Unless you just woke from a coma, you know what's been going on at Donald Trump's rallies over the past few days. After months of protesters interrupting his events and being treated with increasing ferocity, things have started boiling over. In Florida on Tuesday, a Breitbart reporter named Michelle Fields tried to ask a question about affirmative action, but Trump's campaign manager grabbed her arm and nearly threw her to the ground—and then started up a Twitterstorm of smears claiming the incident never happened even though there was an eyewitness report, audio tape, and videotape of the incident.
In North Carolina on Wednesday, a Trump supporter sucker punched a protester who was being led out by security guards. On Friday morning in St. Louis, a Trump rally erupted into clashes both inside and outside the arena, leading to dozens of arrests.

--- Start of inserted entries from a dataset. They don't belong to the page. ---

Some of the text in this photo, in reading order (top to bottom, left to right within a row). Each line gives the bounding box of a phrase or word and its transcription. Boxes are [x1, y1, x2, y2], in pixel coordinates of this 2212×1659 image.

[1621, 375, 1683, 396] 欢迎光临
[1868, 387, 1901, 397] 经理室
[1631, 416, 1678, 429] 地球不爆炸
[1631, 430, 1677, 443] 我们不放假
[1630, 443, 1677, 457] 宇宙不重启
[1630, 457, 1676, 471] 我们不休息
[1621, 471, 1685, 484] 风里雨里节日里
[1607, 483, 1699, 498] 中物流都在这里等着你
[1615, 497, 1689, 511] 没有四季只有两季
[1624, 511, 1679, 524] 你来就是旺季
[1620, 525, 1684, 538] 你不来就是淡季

Finally, on Friday evening in Chicago, thousands of Trump supporters and protesters engaged in verbal clashes and massive disruption hours before the rally was scheduled to start. A campaign spokesman said that after "meeting with law enforcement," Trump decided to cancel the rally. The altercation then moved outside, where five people were arrested and a CBS reporter was detained covering the melee.
So what was Trump's response? "I don't take responsibility," he said. "Our freedom of speech has been violated totally." Other Republicans agreed. Ted Cruz criticized the tone of Trump's rallies, but said the real responsibility "lies with protesters who took violence into their own hands." Marco Rubio said Trump needed to "own up" to his rhetoric, but "there are people that are protesting tonight that are part of organized efforts to disrupt this event." Sean Hannity also defended Trump: "There's no words that inspire people to hate."
And Trump himself delivered the bottom line: "This increases the vote for Trump."
Is Trump right? There's no question that there's an organized effort by protesters to disrupt Trump's rallies. So far, though, they've been loud but peaceful. Does this mean the public will blame Trump, or will they conclude that the protesters are deliberately trying to stir up violence and they're just getting what they asked for?
Outside the right-wing press, the coverage of Trump's rallies has been almost uniformly anti-Trump. But it's obvious that Trump is reveling in this, and he has an animal cunning for finding the right angle to turn public opinion to his side. This is a delicate moment. Both sides have a point: Trump should be allowed to hold rallies, but he shouldn't be allowed to pretend that he's not consciously encouraging both the protests and the increasing violence. He obviously thinks it will help his cause in the end. Stay tuned.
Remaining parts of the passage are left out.